The most picturesque placement for your angel-topped fir may be beside the roaring fireplace, but that's also a great way to dry it out, Mr. Webber says.
He recommends placing it in a cool corner away from any heat source such as the fireplace, furnace and yes - even your TV.
Mr. Downey says that even with the best hydration, trees will drop needles when they're brought indoors. His trick for minimizing clean-up time when the tree comes down?
"We have a big, giant plastic bag and we put it at the base of the tree and then we can put the nice [tree skirt]on top," he says. He simply lifts up the bag, which has caught all the fallen needles, and carries it out for easy disposal.
Calling all tree masters Do you know where to find the perfect Christmas tree? Got any tips for keeping your fir fit? Share your holiday wisdom with fellow readers.

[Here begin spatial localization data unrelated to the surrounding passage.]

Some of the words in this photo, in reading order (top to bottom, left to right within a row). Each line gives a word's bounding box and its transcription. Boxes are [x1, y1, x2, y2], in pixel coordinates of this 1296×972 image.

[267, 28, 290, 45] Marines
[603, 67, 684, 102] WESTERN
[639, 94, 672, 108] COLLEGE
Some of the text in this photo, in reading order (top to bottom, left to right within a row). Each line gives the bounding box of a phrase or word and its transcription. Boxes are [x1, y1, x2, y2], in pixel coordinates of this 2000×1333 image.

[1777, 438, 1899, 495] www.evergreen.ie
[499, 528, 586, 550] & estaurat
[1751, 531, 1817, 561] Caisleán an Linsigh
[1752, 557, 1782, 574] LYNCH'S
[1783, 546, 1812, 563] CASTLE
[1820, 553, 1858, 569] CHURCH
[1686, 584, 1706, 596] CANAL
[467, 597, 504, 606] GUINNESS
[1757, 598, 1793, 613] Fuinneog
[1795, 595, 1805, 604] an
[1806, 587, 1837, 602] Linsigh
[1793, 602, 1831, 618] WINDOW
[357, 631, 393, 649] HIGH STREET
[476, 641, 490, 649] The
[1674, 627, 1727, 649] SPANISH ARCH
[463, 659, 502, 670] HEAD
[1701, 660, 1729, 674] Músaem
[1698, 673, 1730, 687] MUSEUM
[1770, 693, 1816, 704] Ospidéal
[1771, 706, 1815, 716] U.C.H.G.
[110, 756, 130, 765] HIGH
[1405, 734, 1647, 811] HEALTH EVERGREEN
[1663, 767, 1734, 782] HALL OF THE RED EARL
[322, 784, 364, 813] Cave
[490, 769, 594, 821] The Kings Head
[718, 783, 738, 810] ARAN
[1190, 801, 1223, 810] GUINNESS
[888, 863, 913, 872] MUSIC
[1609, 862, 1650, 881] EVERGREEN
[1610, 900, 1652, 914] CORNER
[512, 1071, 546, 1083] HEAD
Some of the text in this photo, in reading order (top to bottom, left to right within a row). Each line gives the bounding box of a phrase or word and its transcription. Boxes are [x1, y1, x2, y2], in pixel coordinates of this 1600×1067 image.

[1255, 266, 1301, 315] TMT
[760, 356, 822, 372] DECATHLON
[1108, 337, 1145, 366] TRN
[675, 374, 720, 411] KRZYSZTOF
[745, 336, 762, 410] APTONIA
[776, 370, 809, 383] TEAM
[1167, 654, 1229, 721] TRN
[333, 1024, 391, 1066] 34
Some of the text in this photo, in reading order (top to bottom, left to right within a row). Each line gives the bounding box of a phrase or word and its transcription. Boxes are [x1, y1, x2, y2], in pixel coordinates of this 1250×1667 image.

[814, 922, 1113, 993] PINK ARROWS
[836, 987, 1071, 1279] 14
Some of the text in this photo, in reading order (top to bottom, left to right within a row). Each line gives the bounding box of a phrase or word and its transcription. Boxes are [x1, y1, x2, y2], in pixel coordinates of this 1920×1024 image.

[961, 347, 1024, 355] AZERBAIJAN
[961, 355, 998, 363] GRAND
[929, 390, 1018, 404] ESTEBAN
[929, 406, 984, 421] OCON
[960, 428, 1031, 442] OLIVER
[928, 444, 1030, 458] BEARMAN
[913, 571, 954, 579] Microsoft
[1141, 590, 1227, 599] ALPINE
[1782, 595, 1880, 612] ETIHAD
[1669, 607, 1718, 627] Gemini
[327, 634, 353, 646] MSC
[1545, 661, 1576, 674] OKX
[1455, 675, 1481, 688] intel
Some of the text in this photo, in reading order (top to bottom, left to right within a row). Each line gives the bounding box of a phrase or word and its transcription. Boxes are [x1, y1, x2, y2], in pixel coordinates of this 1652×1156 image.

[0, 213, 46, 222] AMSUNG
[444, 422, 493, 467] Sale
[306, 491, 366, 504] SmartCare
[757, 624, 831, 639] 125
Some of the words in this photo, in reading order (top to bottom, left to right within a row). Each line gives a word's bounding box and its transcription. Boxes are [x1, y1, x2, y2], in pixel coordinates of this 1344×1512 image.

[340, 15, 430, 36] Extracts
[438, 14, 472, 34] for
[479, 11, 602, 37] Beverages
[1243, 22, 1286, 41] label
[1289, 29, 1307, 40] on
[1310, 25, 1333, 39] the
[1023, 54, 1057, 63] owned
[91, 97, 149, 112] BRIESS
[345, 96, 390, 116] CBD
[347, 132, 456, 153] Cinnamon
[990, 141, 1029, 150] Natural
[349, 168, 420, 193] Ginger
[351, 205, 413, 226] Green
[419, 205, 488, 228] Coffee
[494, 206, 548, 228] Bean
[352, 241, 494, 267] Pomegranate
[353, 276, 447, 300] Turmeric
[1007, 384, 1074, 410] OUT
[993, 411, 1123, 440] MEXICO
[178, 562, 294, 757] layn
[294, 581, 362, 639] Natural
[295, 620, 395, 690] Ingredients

Fir trees are thirsty suckers, so make sure that, especially in the first few days after bringing yours inside, you regularly fill the stand with water - it can take up to two litres a day, Mr. Downey says.
And if you've heard old wives' tales about mixing household products with water to keep your tree healthy, you should ignore them, he adds.
"Some people, they put Aspirin or 7-Up, and none works. Just good warm water is all you need."
And don't do this:
Toss your tree in a dumpster when you're done with it. Take it to a drop-off site for recycling into mulch.
If you don't have room in your home for a majestic, three-metre-tall fir, it doesn't mean you have to skip having a tree altogether.
For just $9.86, you can purchase a replica Charlie Brown Christmas Tree from Amazon.ca . It's the perfect size for a tabletop and channels all the feeble characteristics of the original: It's barely nine centimetres tall and, true to the 1965 TV special, its stubby branches hold a few scant clusters of needles. One metallic red ball is the sole ornament, and at its base is a reproduction of Linus's well-worn blanket.
The tree comes with a mini-edition of A Charlie Brown Christmas, the hopeful story behind the wretched little specimen of foliage. Good grief, that's a pathetic tree.
By the numbers
26: The height, in metres, of the world's largest Christmas tree last year. It was scouted by helicopter and installed in Edmonton's Sir Winston Churchill Square.